- [Supplied information]:

Start of Block

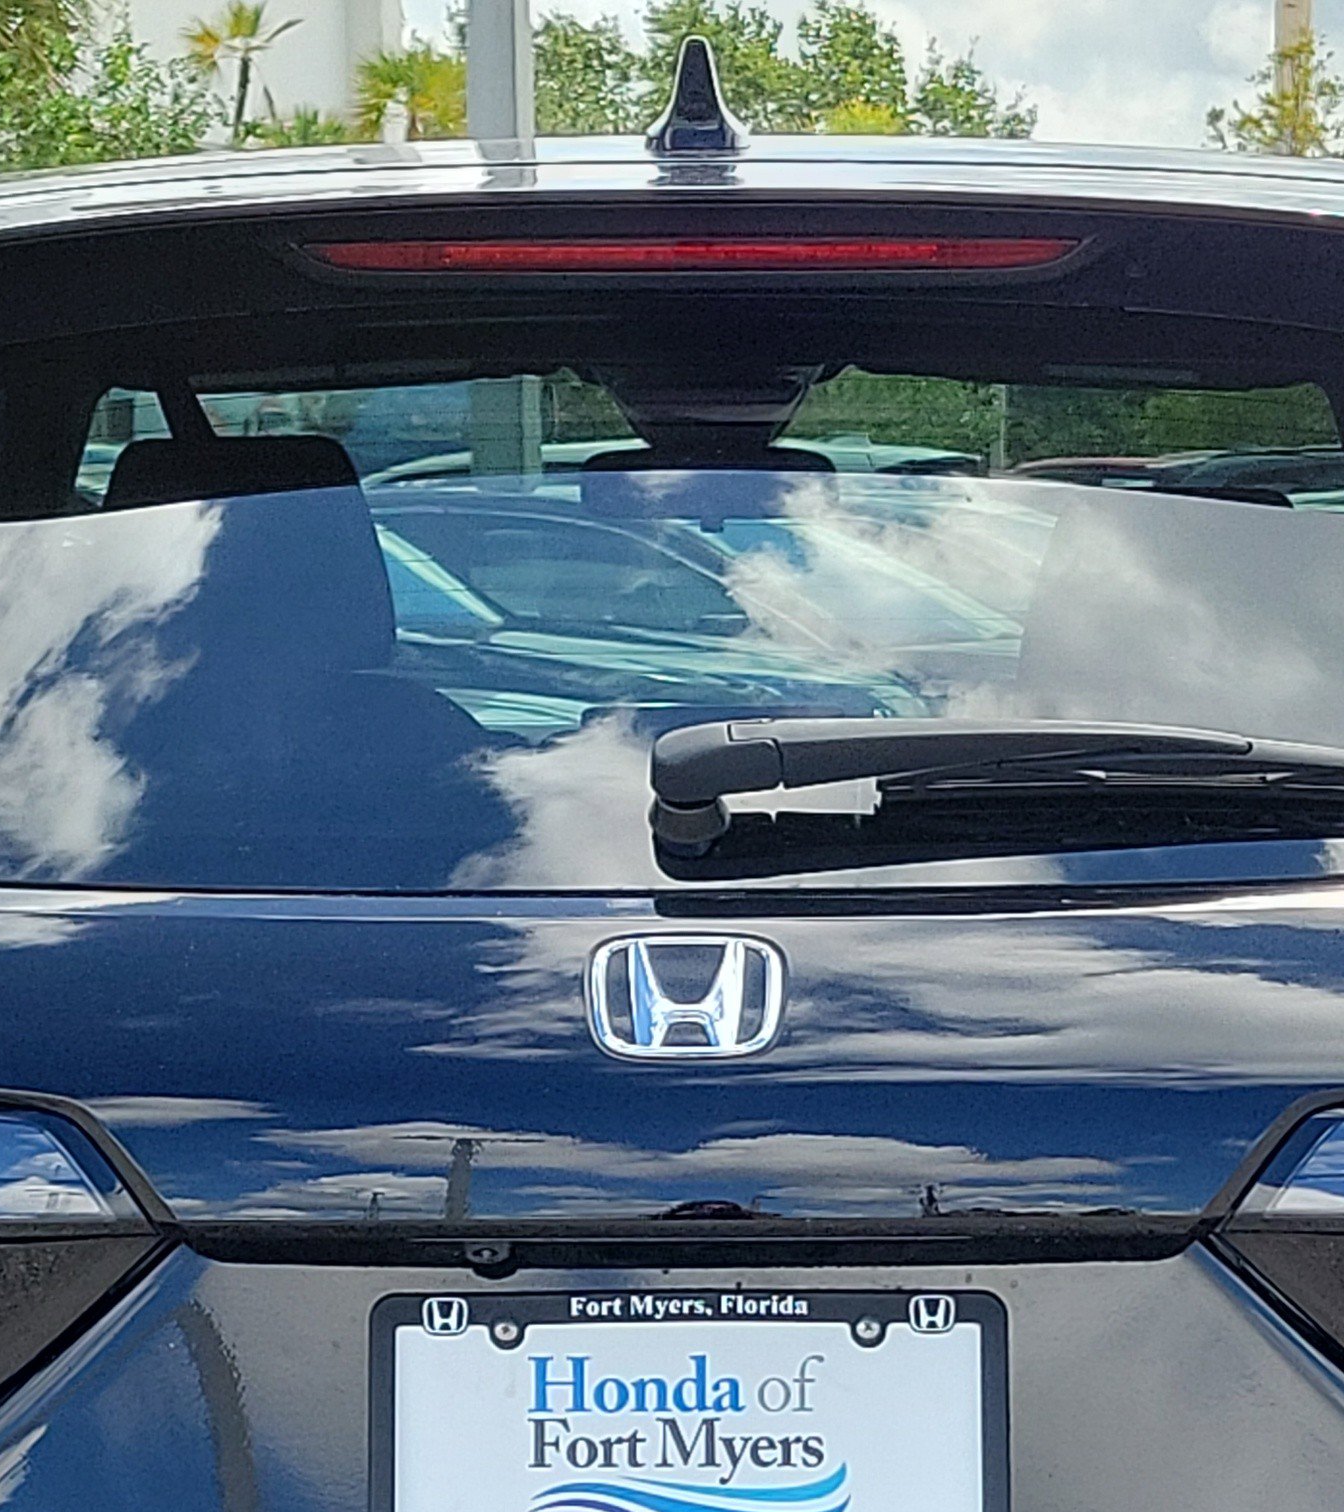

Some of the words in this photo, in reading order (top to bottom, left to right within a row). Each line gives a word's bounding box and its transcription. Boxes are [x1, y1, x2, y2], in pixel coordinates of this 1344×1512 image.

[570, 1296, 622, 1316] Fort
[630, 1295, 713, 1319] Myers,
[721, 1295, 808, 1315] Florida
[527, 1354, 745, 1413] Honda
[757, 1355, 824, 1413] of
[527, 1417, 646, 1468] Fort
[654, 1417, 824, 1485] Myers

End of Block

- [Assigned task]:
The entries above must be output exactly, with every image left out.

- [Written solution]:
Some of the words in this photo, in reading order (top to bottom, left to right within a row). Each line gives a word's bounding box and its transcription. Boxes are [x1, y1, x2, y2], in pixel coordinates of this 1344×1512 image.

[570, 1296, 622, 1316] Fort
[630, 1295, 713, 1319] Myers,
[721, 1295, 808, 1315] Florida
[527, 1354, 745, 1413] Honda
[757, 1355, 824, 1413] of
[527, 1417, 646, 1468] Fort
[654, 1417, 824, 1485] Myers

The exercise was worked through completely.